Michael-In-Norfolk - Coming Out in Mid-Life
Thoughts on Life, Love, Politics, Hypocrisy and Coming Out in Mid-Life
Thursday, May 01, 2025
Wednesday, April 30, 2025
Tuesday, April 29, 2025
Conservative Economist: Trump’s Plans Won’t Work
. . . Trump is used to bending reality to his will. But he will soon learn – if he hasn’t already – that this is harder to do with the economy. Just ask former President Joe Biden, who painfully learned that an inflation rate of 9 percent could not be spun as illusory, transitory or driven by a sudden and inexplicable burst of corporate greed. Ultimately, people directly experience their gas and grocery prices, as well as layoffs and stock market downturns. Sustained political popularity requires getting economic policy right, because elected officials cannot spin real economic decline.
As is increasingly evident, many of Trump’s economic policy pronouncements make little sense, in large part because he makes ever-shifting arguments for contradictory policies. A president who promised voters that, “We’re going to become so rich, you’re not going to know where to spend all that money,” instead induced a market crash . . . .
As a right-of-center economist who has spent nearly 25 years producing research that warns against the dangers of unrestrained federal spending and debt, I am concerned that Republicans are dramatically over-promising and under-delivering. . . . . .Trump is offering policies and promises that — even on their own terms — don’t make any sense. The president’s vision cannot successfully produce fiscal responsibility or economic prosperity because nearly every statement and action contradicts each other. And ultimately, it is American families and businesses who will suffer from this fog of policy confusion.
Here’s the truth about some of the president’s promises.
1. Tariffs can’t both create permanent domestic jobs and be a temporary negotiating tool.
It is not entirely clear why Trump has long been fixated with tariffs and hostile to any form of international trade. We know this aversion goes back to his 1980s days as a real estate developer, which suggests that his zero-sum view of trade may be the product of the kill-or-be-killed world of New York real estate. Whatever the reason, the
president’s[Felon's] public arguments for steep tariffs seemingly reflect backward reasoning, as he promises that tariffs can provide all things to all people.A clear example is the contradiction between selling tariffs as a permanent policy versus a short-term negotiating tactic. Trump has repeatedly emphasized that tariffs are intended to produce in America manufacturing that is currently taking place in China, Vietnam, South Korea, Mexico and elsewhere. . . . . Instead, Trump unleashed a global economic meltdown and won nothing in return.
More importantly, Trump’s constant fiddling with the tariff dials and his claims that they are merely a short-term negotiating tactic undermine any hope of building new factories in America. One of the most important requirements for business investment is policy certainty. . . . . Tariff, tax and regulatory policies may be helpful or hurtful, but they at least must be predictable.
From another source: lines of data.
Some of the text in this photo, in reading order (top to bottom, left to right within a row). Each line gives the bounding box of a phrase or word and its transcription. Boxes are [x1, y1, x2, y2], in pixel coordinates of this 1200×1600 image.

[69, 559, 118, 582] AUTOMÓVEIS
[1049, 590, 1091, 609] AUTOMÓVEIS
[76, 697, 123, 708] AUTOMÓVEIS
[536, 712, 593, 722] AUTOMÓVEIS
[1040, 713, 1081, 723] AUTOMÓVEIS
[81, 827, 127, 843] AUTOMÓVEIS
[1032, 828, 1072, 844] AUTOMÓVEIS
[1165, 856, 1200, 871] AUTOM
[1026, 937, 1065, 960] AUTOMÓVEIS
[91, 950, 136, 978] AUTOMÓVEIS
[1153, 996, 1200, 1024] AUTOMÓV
2. Tariffs can’t both protect domestic industries and generate trillions of dollars in revenue.
Even more contradictory is Trump’s promises that tariffs can build a trade wall around America while also raising trillions of dollars in tax revenues to replace the income tax. A tariff cannot raise revenues from imports if those goods are no longer being imported. Tariffs can either lock out imports or collect revenues from them, but they cannot do both. . . . . Counting on tariffs to raise significant revenue is wishful thinking, not economic thinking.
3. You can’t both eliminate the federal budget deficit and protect Social Security, Medicaid and other popular programs.
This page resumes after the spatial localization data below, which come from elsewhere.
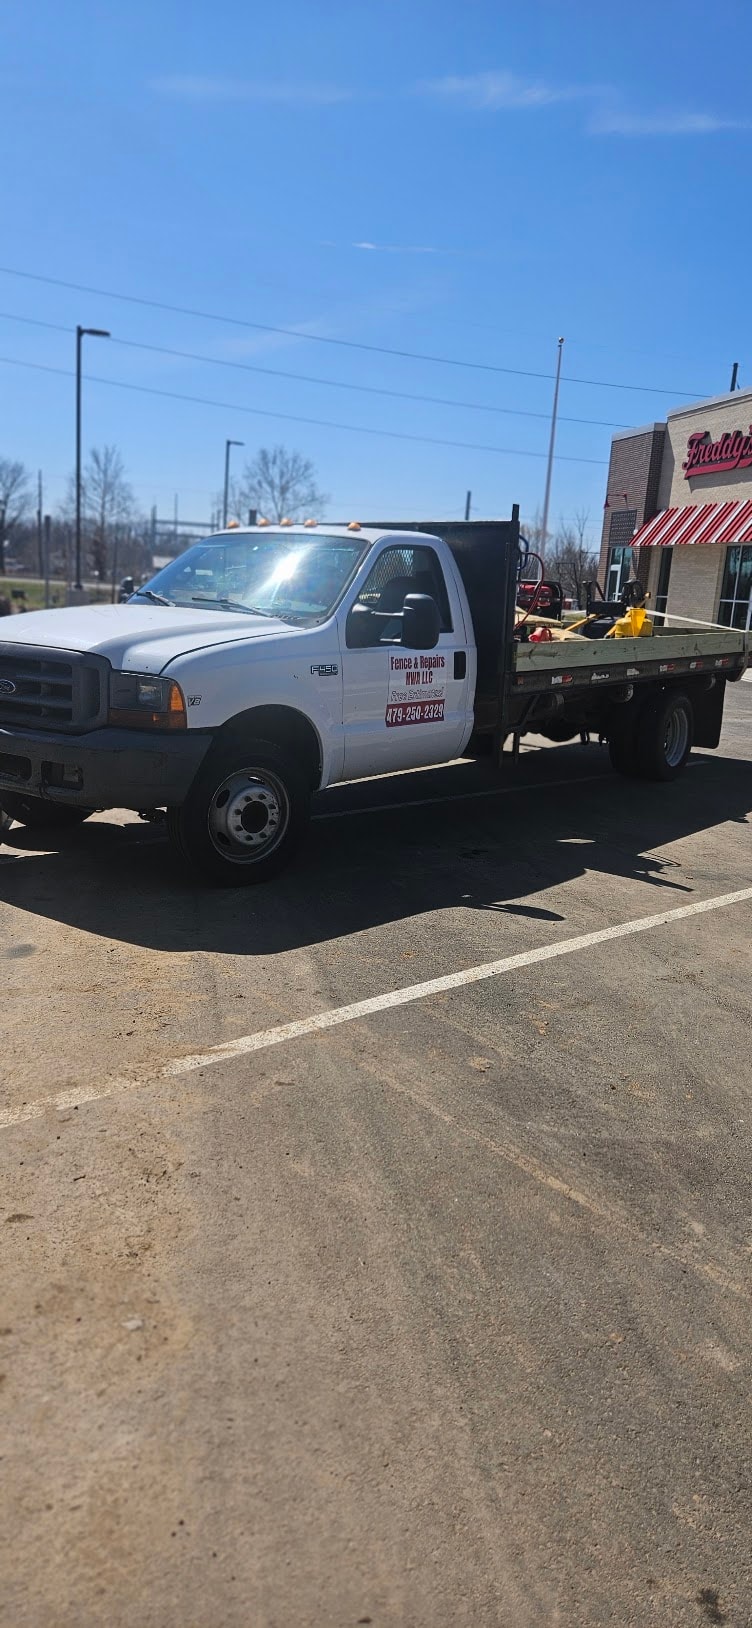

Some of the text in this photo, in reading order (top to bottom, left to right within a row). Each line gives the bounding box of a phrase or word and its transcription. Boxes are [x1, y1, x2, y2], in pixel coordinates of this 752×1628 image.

[391, 654, 445, 670] Fence & Repairs
[406, 670, 433, 685] NWA LLC
[386, 703, 444, 723] 479-250-2329
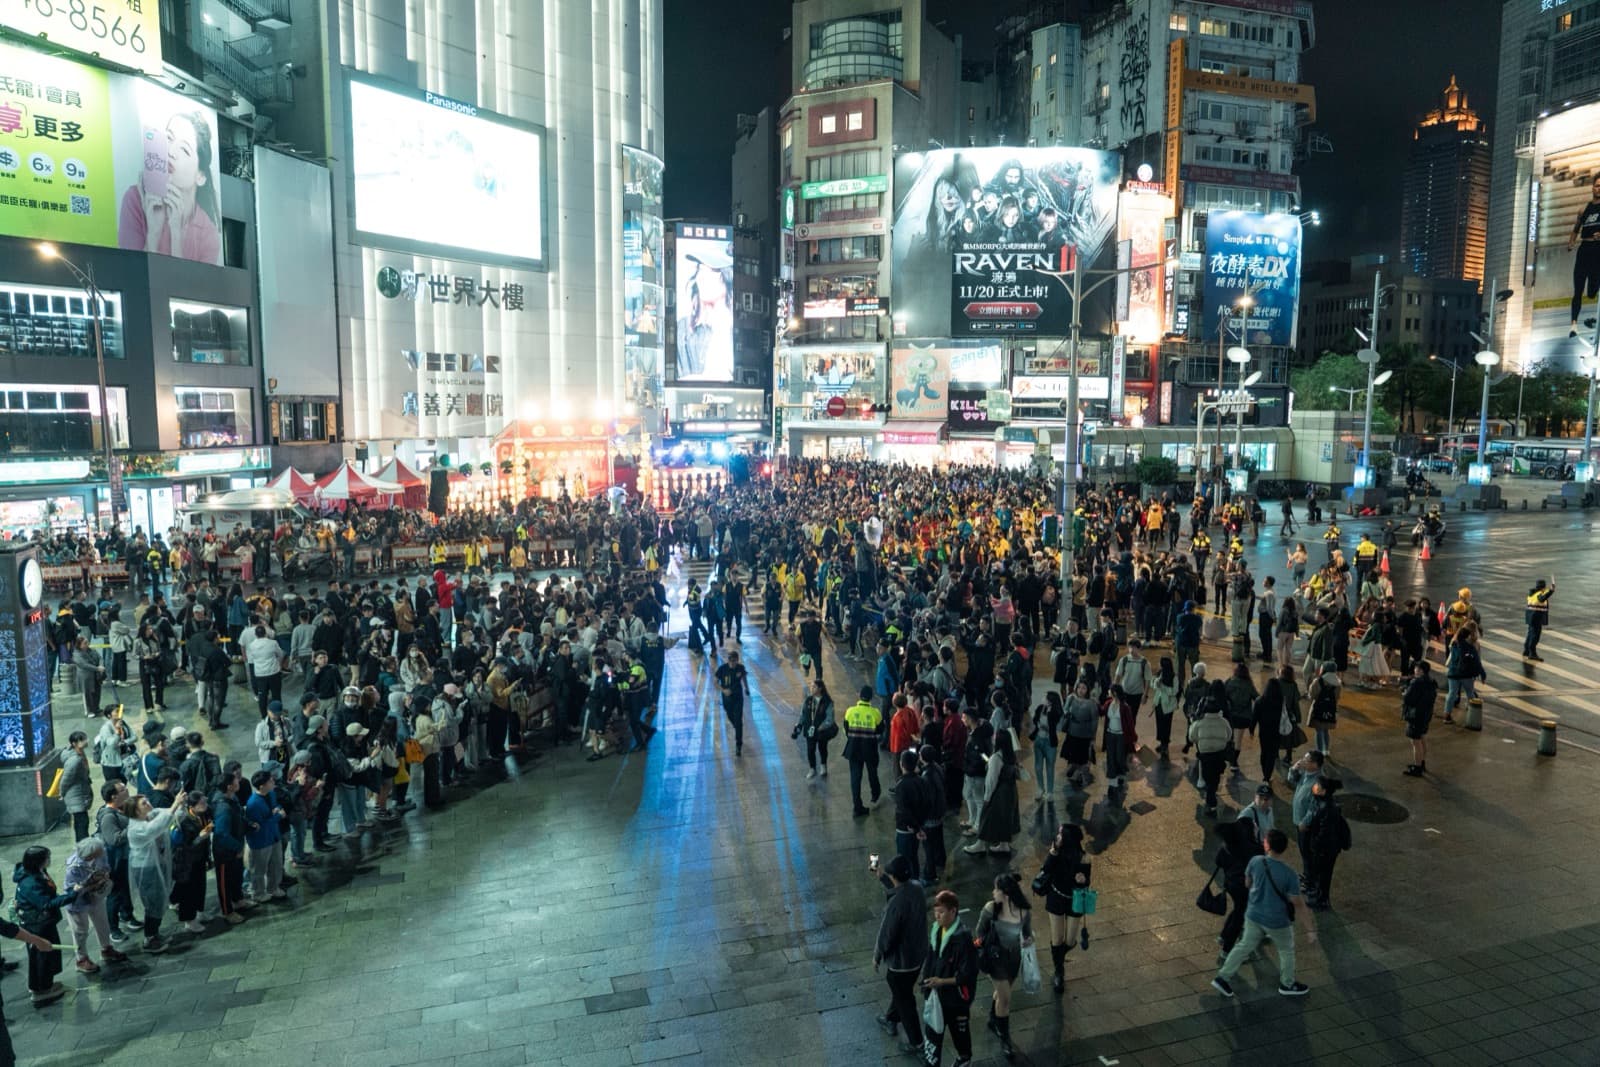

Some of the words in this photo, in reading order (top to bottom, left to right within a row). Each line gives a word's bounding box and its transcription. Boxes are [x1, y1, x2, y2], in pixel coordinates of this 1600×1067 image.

[425, 92, 477, 116] Panasonic
[33, 114, 84, 142] 更多
[953, 252, 1055, 276] RAVEN
[401, 269, 525, 312] 新世界大樓
[959, 285, 994, 298] 11/20
[997, 284, 1049, 299] 正式上市!
Trump’s unrealistic and contradictory tariff revenue promises fit well within his broader, and equally contradictory budget promises.
In his recent address to Congress, Trump promised that “In the near future, I want to do what has not been done in 24 years: balance the federal budget. . . . .Without raising revenues, eliminating the $1.87 trillion budget deficit would require cutting 27 percent of the $7 trillion federal budget. Yet Trump has already promised no cuts to Social Security, Medicare, defense and veterans’ benefits, and he cannot directly reduce interest payments. That’s 66 percent of the budget taken off the table (or 75 percent if we include Medicaid, which Trump occasionally promises to spare from the budget ax).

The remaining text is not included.